June 15, 2018 — The symptoms vary considerably, and diagnosis can zero in more reliably if you use an Immunostrip test from Agdia of Indiana.
Choose the “ImmunoStrip® for Clavibacter michiganensis subsp. michiganensis” — a five-strip packet is $55 plus shipping. The Agdia website will select FedEx shipping for you, but if you ask for delivery via the U.S. Postal Service, it’s about half the cost of Fed Ex.
On May 13, Iowa crop consultant Bob Streit went on Goss’s wilt patrol in central Iowa. The nearby photo came from that scouting trip. He reported on an e-mail to clients including us:
“It was about the right time and right growth stage so I was looking for brownish colored lesions at ground level on the corn plants in a field I was in last night. They were present as shown faintly in the pictures. So the timing will be right this and next week for the first application of Bio Empruv.”
He found symptoms in most fields, and told us “I’d bet my eye teeth they’ll test positive for Goss’s wilt.”
The Bio Empruv product Bob mentions is a biologically active agent he has found effective against bacterial disease. It was formulated by biochemist Dr. Salam Awada. We tested the early versions of it a few years ago, foliar-applying it with a Hagie sprayer post-tassel — which is far too late for the most beneficial timing. Yet it showed economic results. Bob and his partner Marv Mortensen at Central Iowa Agronomics can provide the product to growers. For a thorough overview of Bio Empruv, here’s a link with several videos and other detail on their website.
In 2015, we published a report by Bob Streit on the difficulties with Goss’s wilt that season. It’s still very relevant, and you can read it here. Our field studies showed that foliar applications of Bio Empruv had enhanced effectiveness when tank-mixed with WakeUP Summer to improve leaf coverage, penetration and systemic transfer into the corn.
We’re based in northeast Iowa, almost on the border between Black Hawk County and Grundy County. Some of the nation’s best soils for corn production are under our feet. A scouting trip this morning showed garden-of-Eden corn ranging from V5 to V9. Few fields here showed disease symptoms of any kind. However, some did present lesions on those basal leaves which looked similar to those Bob found in central Iowa.
Although these leaves tested positive for Goss’s with the Immunostrip “stick,” the two red lines were not clear-cut. Our reagent is outdated and we want to check again when a new supply comes from Agdia. When we asked Bob Streit about this indistinct reaction, he said, “My guess is that the infections are new and still quite small in size and quantity of sugar by-products that cause the immune reaction of the kit. We saw that early in the season when symptoms were still faint. Sometimes it took overnight for the two faint lines to appear. Then later in the season when the symptoms left no doubt due to their strong appearance, it often took less than 30 seconds for the two lines to appear.”

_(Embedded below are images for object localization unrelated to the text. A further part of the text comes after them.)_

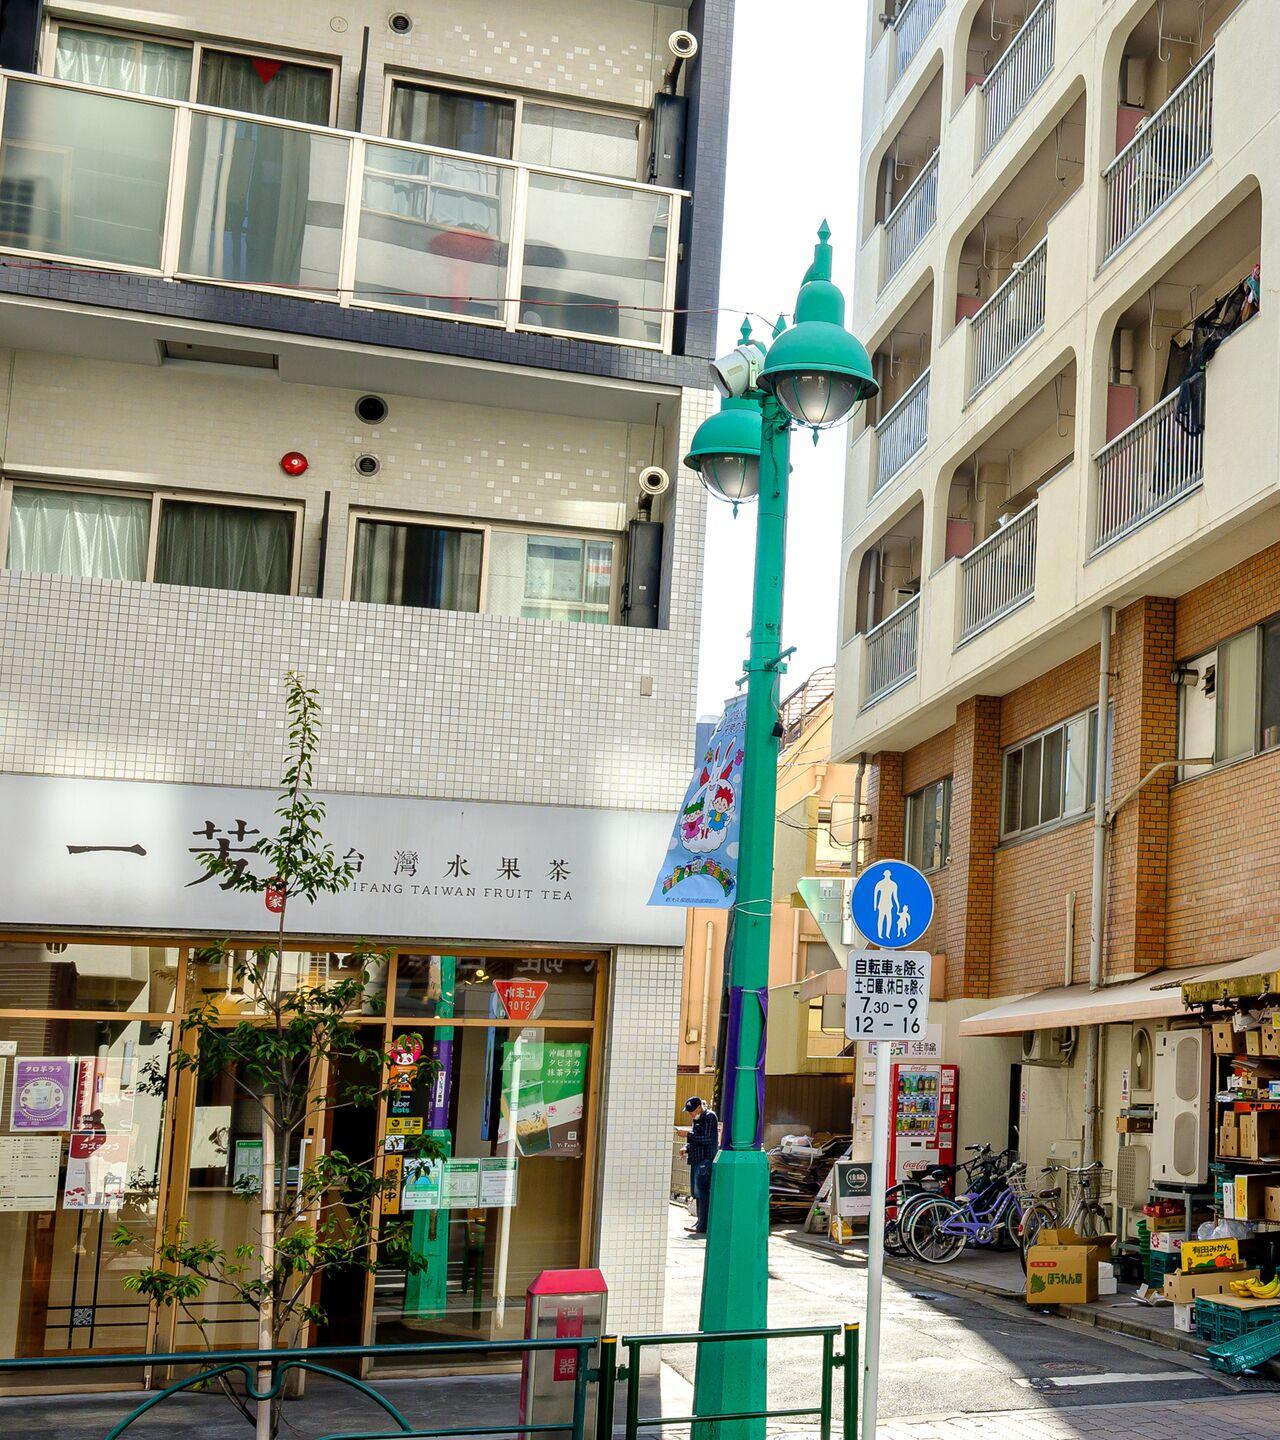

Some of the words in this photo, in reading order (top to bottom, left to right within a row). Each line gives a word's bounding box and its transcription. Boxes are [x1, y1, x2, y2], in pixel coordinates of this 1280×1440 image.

[342, 882, 403, 894] IFANG
[411, 885, 476, 897] TAIWAN
[484, 888, 533, 899] FRUIT
[541, 890, 573, 901] TEA
[855, 958, 925, 976] 自転車を除く
[855, 978, 924, 995] 土・日曜、休日を除く
[860, 997, 889, 1013] 7.30
[908, 998, 918, 1014] 9
[855, 1016, 874, 1033] 12
[903, 1017, 920, 1034] 16
[902, 1160, 929, 1171] Coca-Col
[1192, 1244, 1231, 1254] 有田みかん
[1047, 1272, 1083, 1285] ほうれん草

Update June 21: A packet of new agdia strips arrived today and we sampled the same field. the readings looked the same as in those above: Definite lower red line, faint upper red line. Probably the infections are very slight. So far, so good.
In previous years, counties in central and southeast Iowa have typically encountered worse Goss’s wilt problems than us tundra dwellers in northern counties of Iowa and on into Minnesota.

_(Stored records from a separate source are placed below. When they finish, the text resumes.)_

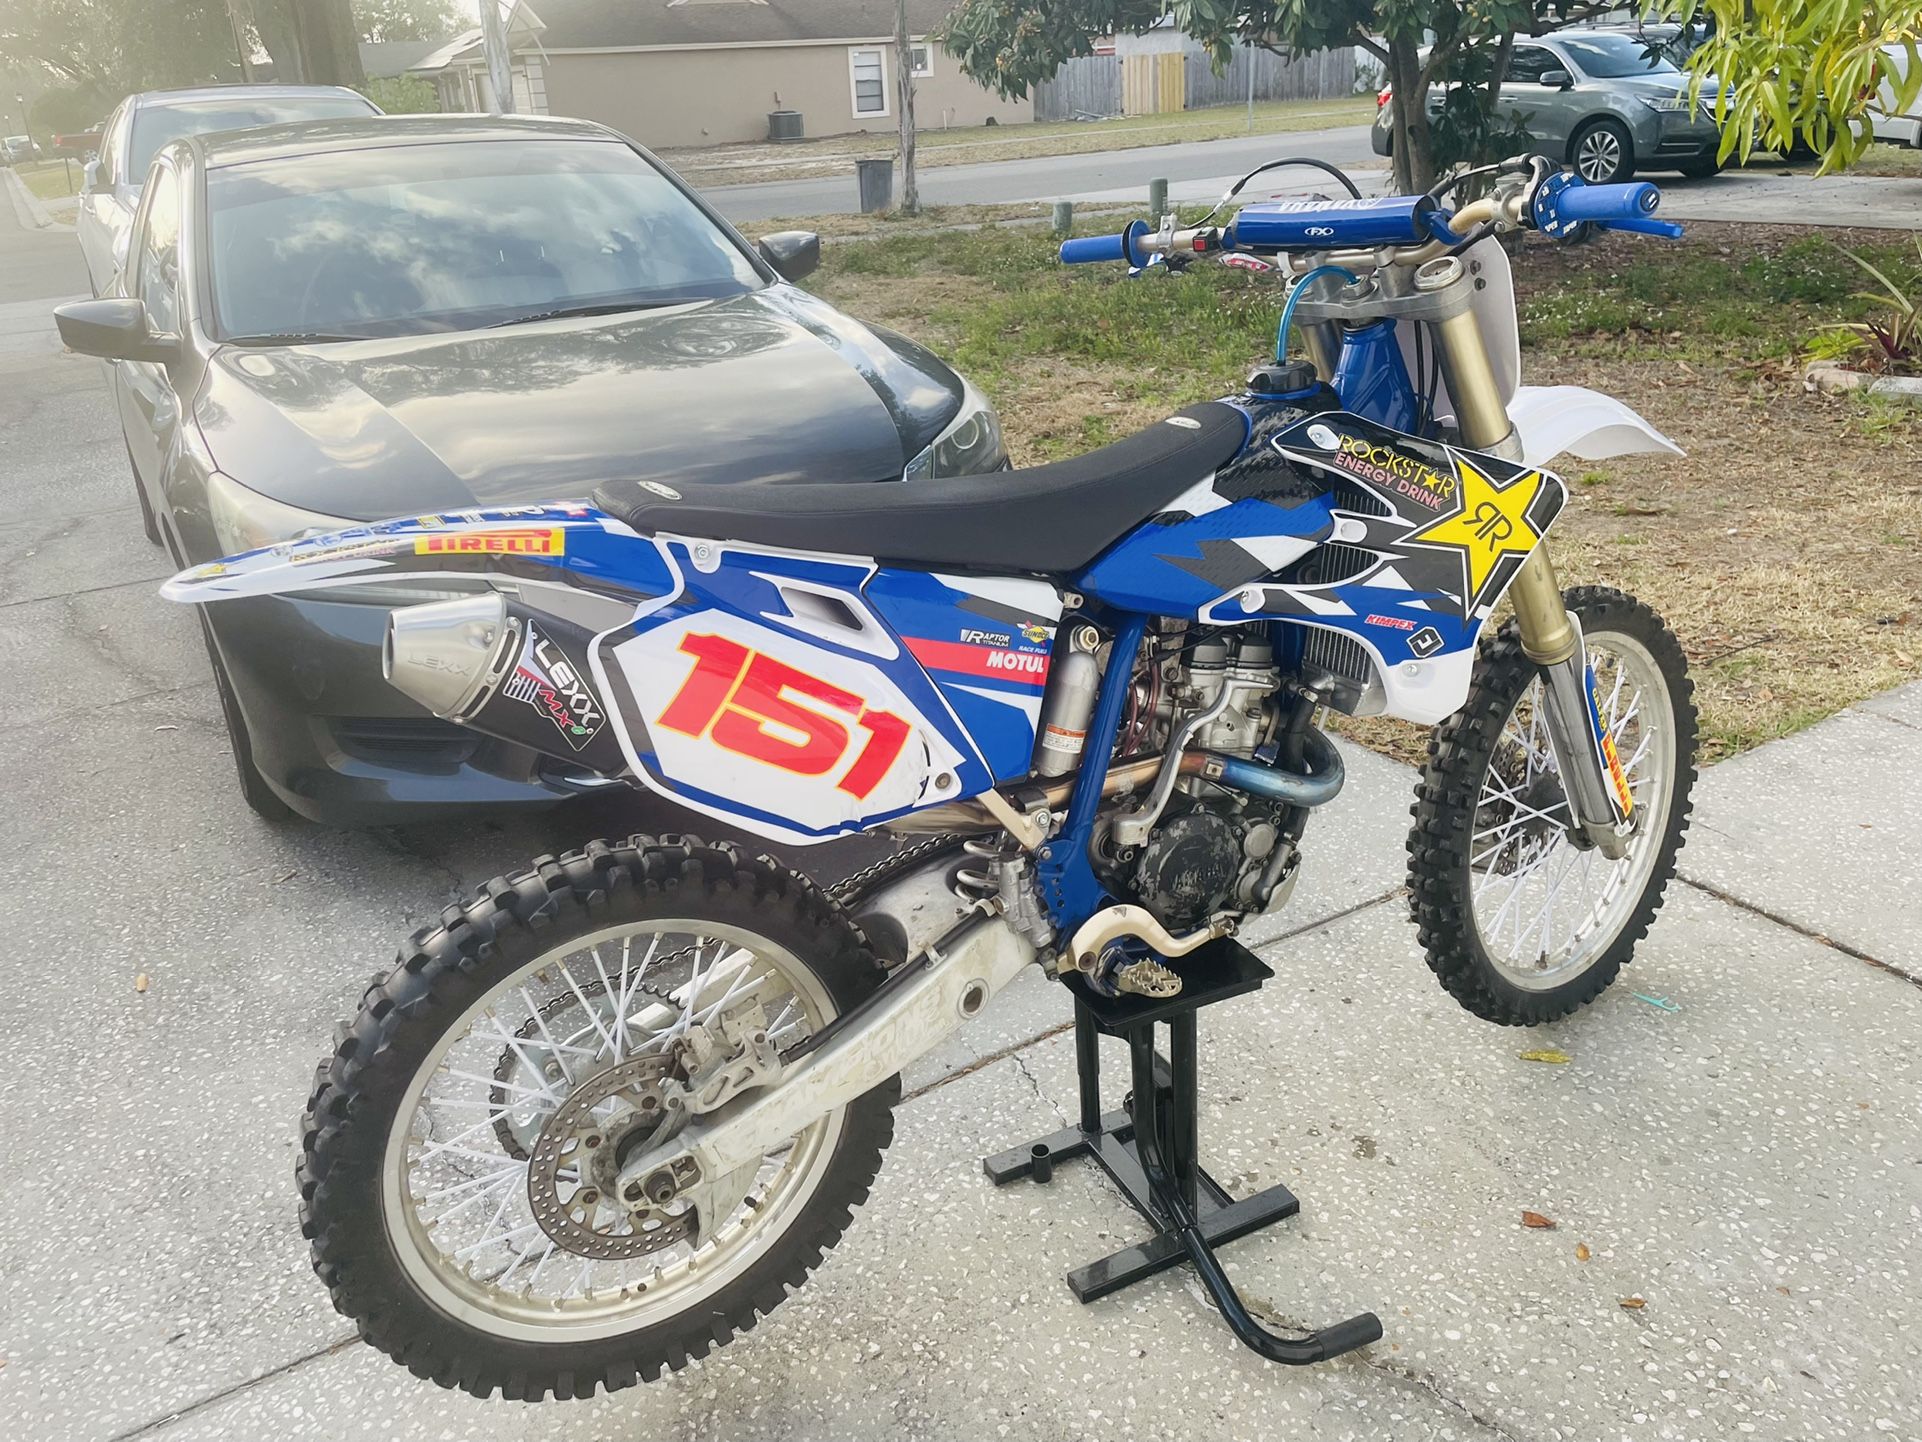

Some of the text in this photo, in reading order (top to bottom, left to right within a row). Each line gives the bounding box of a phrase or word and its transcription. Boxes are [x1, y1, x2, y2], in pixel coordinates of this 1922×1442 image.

[1334, 452, 1444, 511] ENERGY DRINK
[428, 529, 551, 553] PIRELLI
[1364, 614, 1417, 631] KIMPEX
[408, 654, 469, 677] LEXX
[986, 651, 1044, 673] MOTUL
[535, 639, 600, 727] LEXX
[655, 631, 912, 802] 151

While you’re doing your refresher homework on Goss’s wilt, an excellent scientific paper was published a few months ago and is available to the public at this link. We’ve also locked a permanent link to a PDF of the report on our site at this link; download it here.

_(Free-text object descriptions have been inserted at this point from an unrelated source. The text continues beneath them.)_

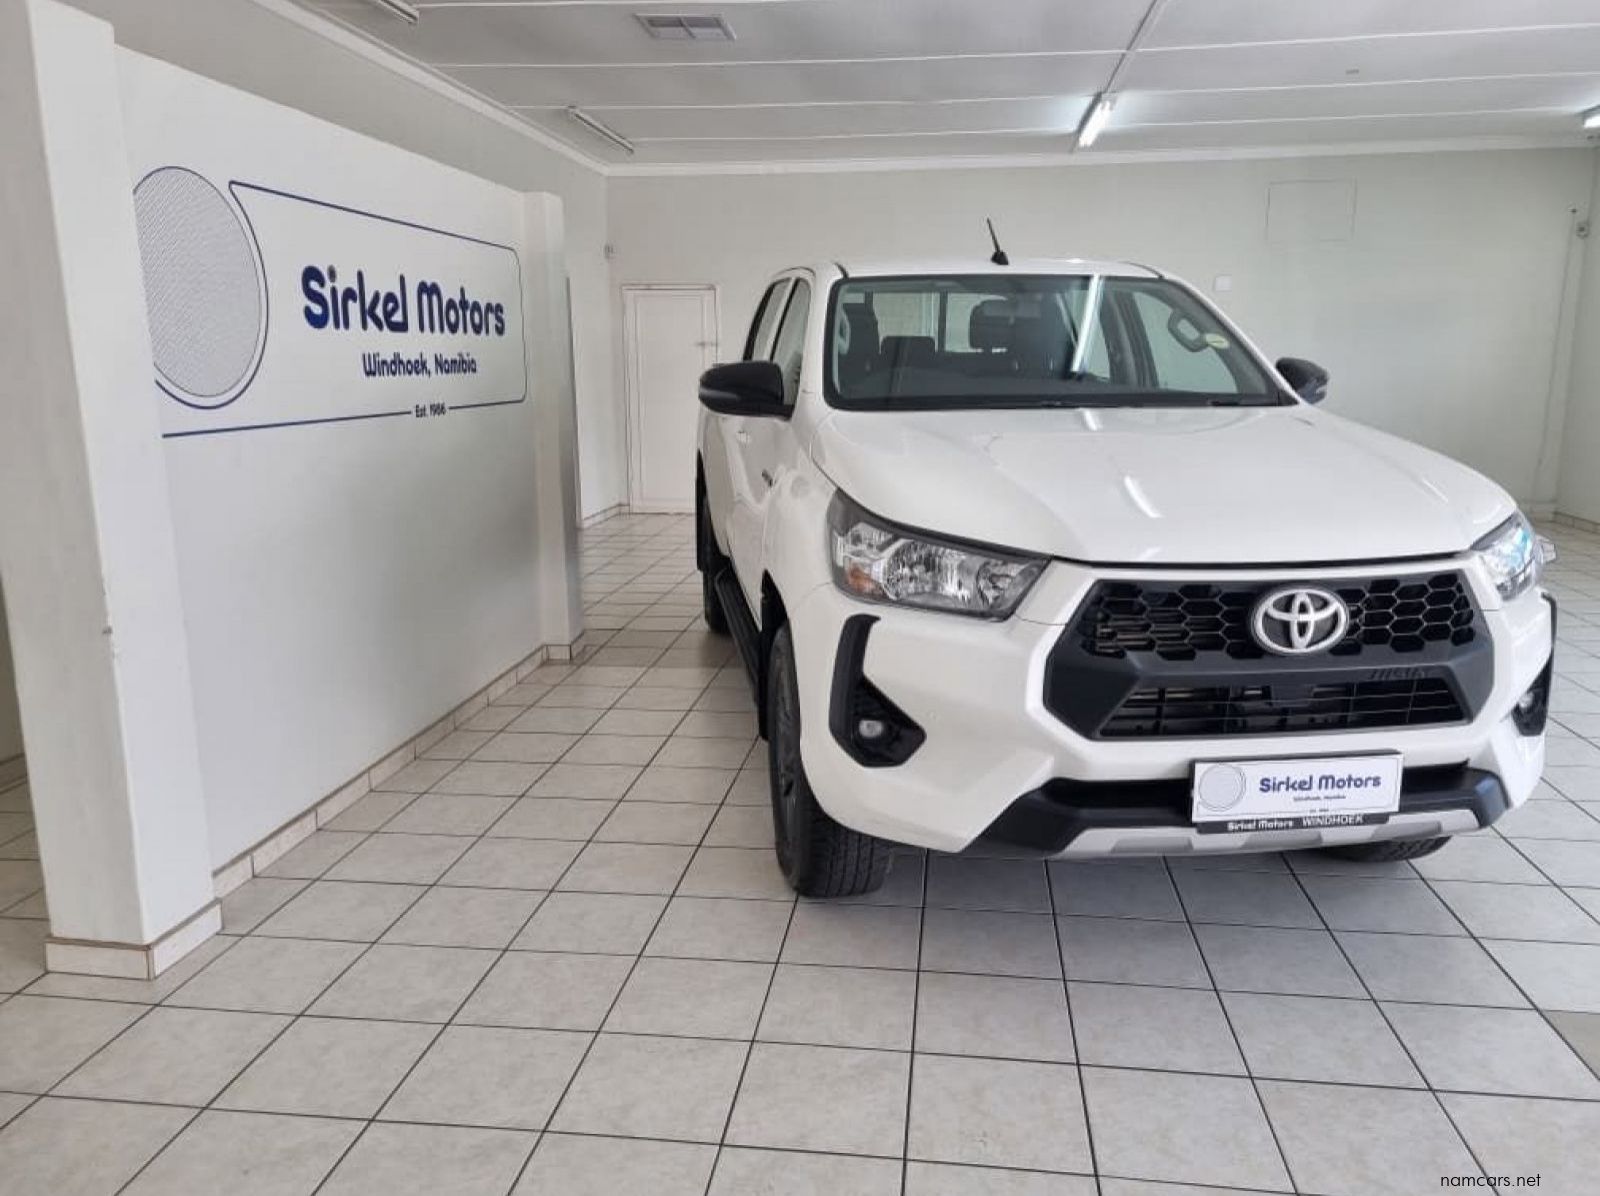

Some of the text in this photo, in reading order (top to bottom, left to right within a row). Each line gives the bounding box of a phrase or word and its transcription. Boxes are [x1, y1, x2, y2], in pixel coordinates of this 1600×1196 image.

[302, 265, 506, 336] Sirkel Motors
[362, 353, 477, 379] Windhoek, Namibia
[1259, 774, 1382, 793] Sirkel Motors
[1227, 821, 1256, 832] Sirkel
[1258, 819, 1293, 830] Motors

This paper’s exhaustive data analysis by five authors (including Alison Robertson and colleague Tamra Jackson, Department of Plant Pathology, University of Nebraska) reveals what looks like a “first” to us. By examining the correlations of many “management factors” with the occurrence and severity of Goss’s wilt, the researchers were able to create a chart showing the degree of association between each of several agronomic management factors and the incidence of the disease. For example, planting a hybrid rated as vulnerable to Goss’s wilt emerged as having the closest correlation to getting the disease. High population was close behind, as you might expect, because increased populations intensify stress. Lower in the array of practices were planting date and residue cover. Surface residue has been long suspect for harboring the clavibacter bacteria.
Interestingly, the management practice “glyphosate application” is among the top third of agronomic factors related to incidence of the disease. This study is the first we’ve seen suggesting that glyphosate treatment is related with Goss’s.
The study did not include the “agronomic practices” of GMO-traited corn and non-GMO corn. That probably would have been difficult, as over 80% of Midwest fields are traited hybrids.